((
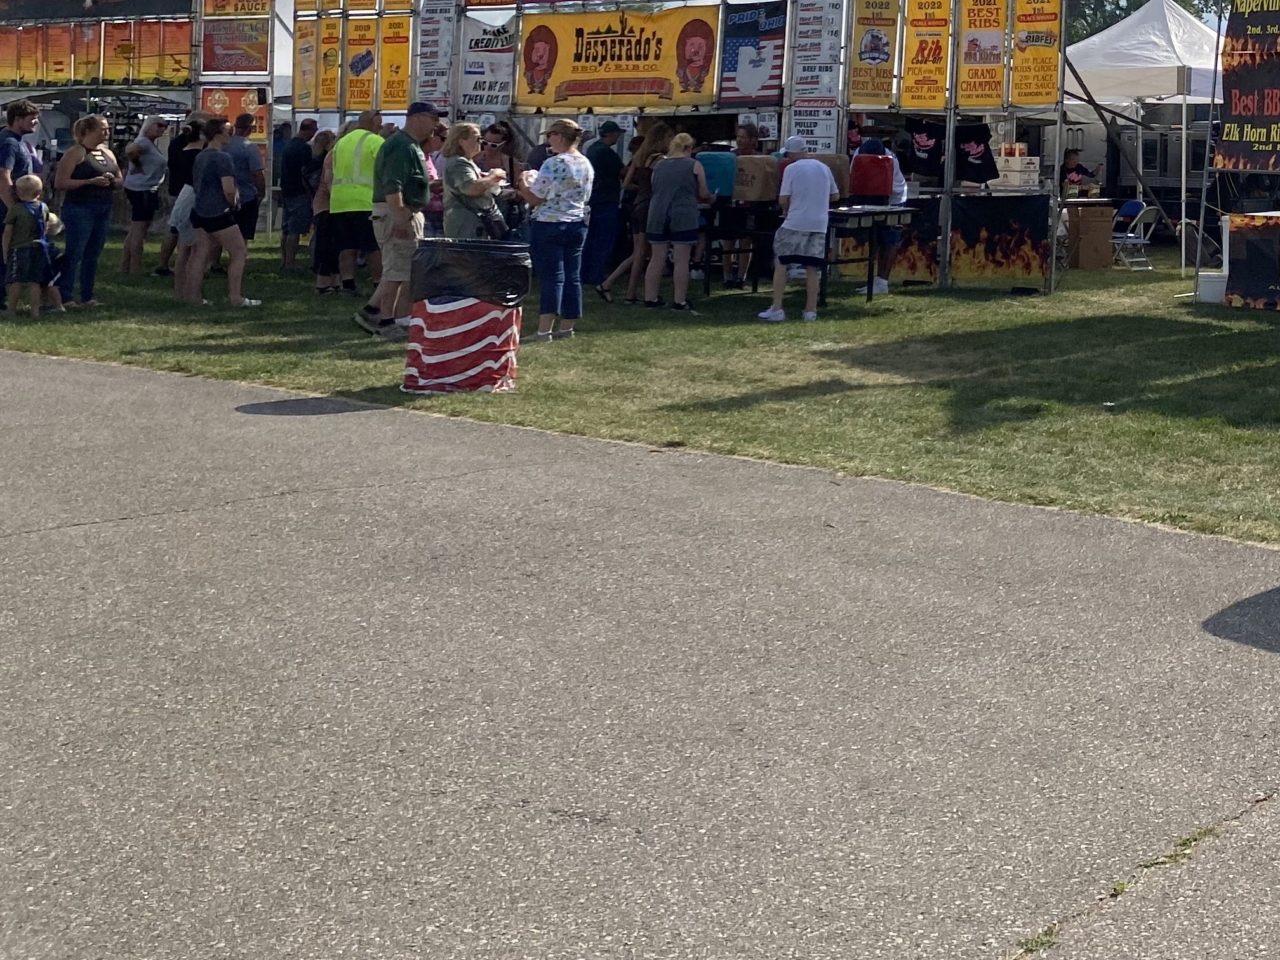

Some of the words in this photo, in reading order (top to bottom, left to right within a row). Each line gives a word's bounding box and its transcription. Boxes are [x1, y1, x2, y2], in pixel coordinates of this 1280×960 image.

[233, 2, 267, 12] SAUCE
[864, 1, 890, 10] 2022
[917, 1, 943, 10] 2022
[967, 8, 1002, 18] BEST
[968, 18, 1000, 29] RIBS
[573, 27, 663, 67] Desperado's
[1014, 65, 1032, 73] KIDS
[1034, 64, 1058, 72] CHOICE
[967, 68, 997, 80] GRAND
[350, 79, 372, 88] BEST
[386, 80, 405, 89] BEST
[960, 80, 1002, 92] CHAMPION
[1015, 82, 1034, 90] BEST
[1035, 81, 1056, 90] SAUCE
[350, 89, 370, 99] RIBS
[384, 90, 406, 98] SAUCE
[927, 85, 944, 94] RIBS
[1231, 89, 1258, 116] Best
[1222, 123, 1240, 141] Elk
[1243, 124, 1267, 143] Horn
))
| What to produce |
From the first line to the last, retype the data exactly, without images.

| Your response |
Some of the words in this photo, in reading order (top to bottom, left to right within a row). Each line gives a word's bounding box and its transcription. Boxes are [x1, y1, x2, y2], in pixel coordinates of this 1280×960 image.

[233, 2, 267, 12] SAUCE
[864, 1, 890, 10] 2022
[917, 1, 943, 10] 2022
[967, 8, 1002, 18] BEST
[968, 18, 1000, 29] RIBS
[573, 27, 663, 67] Desperado's
[1014, 65, 1032, 73] KIDS
[1034, 64, 1058, 72] CHOICE
[967, 68, 997, 80] GRAND
[350, 79, 372, 88] BEST
[386, 80, 405, 89] BEST
[960, 80, 1002, 92] CHAMPION
[1015, 82, 1034, 90] BEST
[1035, 81, 1056, 90] SAUCE
[350, 89, 370, 99] RIBS
[384, 90, 406, 98] SAUCE
[927, 85, 944, 94] RIBS
[1231, 89, 1258, 116] Best
[1222, 123, 1240, 141] Elk
[1243, 124, 1267, 143] Horn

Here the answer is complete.